Un mosaico di situazioni contraddittorie documentate da testimonianze di prima mano e accuratamente analizzate per offrire un'informazione approfondita sulla politica, economia e scoperte scientifiche di un mondo in evoluzione pieno di paradossi.
Fulvio Beltrami
Originario del Nord Italia, sposato con un'africana, da dieci anni vivo in Africa, prima a Nairobi ora a Kampala. Ho lavorato nell’ambito degli aiuti umanitari in vari paesi dell'Africa e dell'Asia.
Da qualche anno ho deciso di condividere la mia conoscenza della Regione dei Grandi Laghi (Uganda, Rwanda, Kenya, Tanzania, Burundi, ed Est del Congo RDC) scrivendo articoli sulla regione pubblicati in vari siti web di informazione, come Dillinger, FaiNotizia, African Voices.
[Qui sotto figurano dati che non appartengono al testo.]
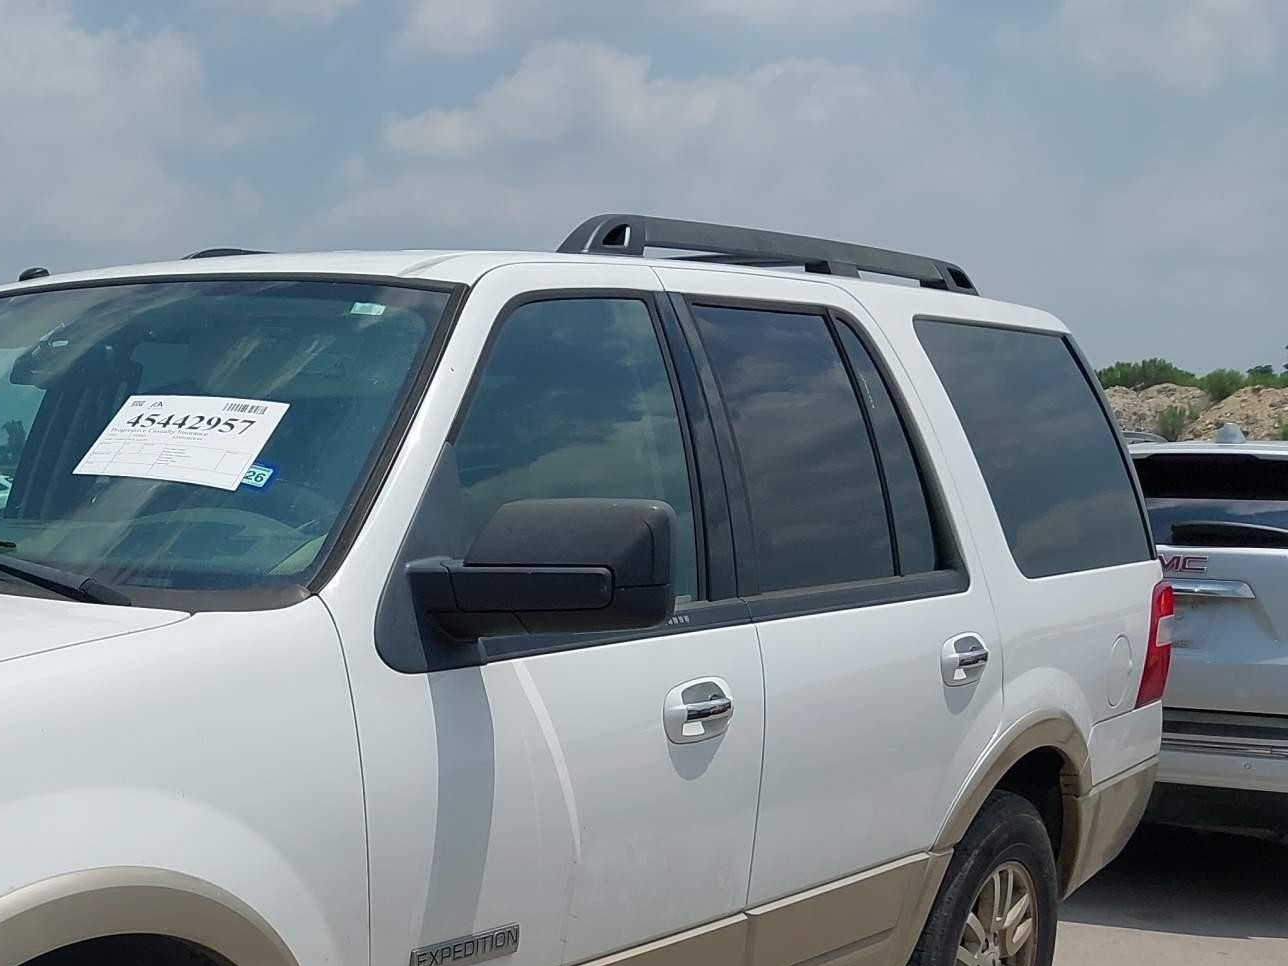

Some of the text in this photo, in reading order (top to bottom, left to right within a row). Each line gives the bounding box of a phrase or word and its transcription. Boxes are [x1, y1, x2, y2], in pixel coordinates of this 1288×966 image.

Dal 2007 ho iniziato la mia carriera professionale come reporter per l’Africa Orientale e Occidentale per L’Indro.
Le fonti delle notizie sono accuratamente scelte tra i mass media regionali, fonti dirette e testimonianze. Un'accurata ricerca dei contesti storici, culturali, sociali e politici è alla base di ogni articolo.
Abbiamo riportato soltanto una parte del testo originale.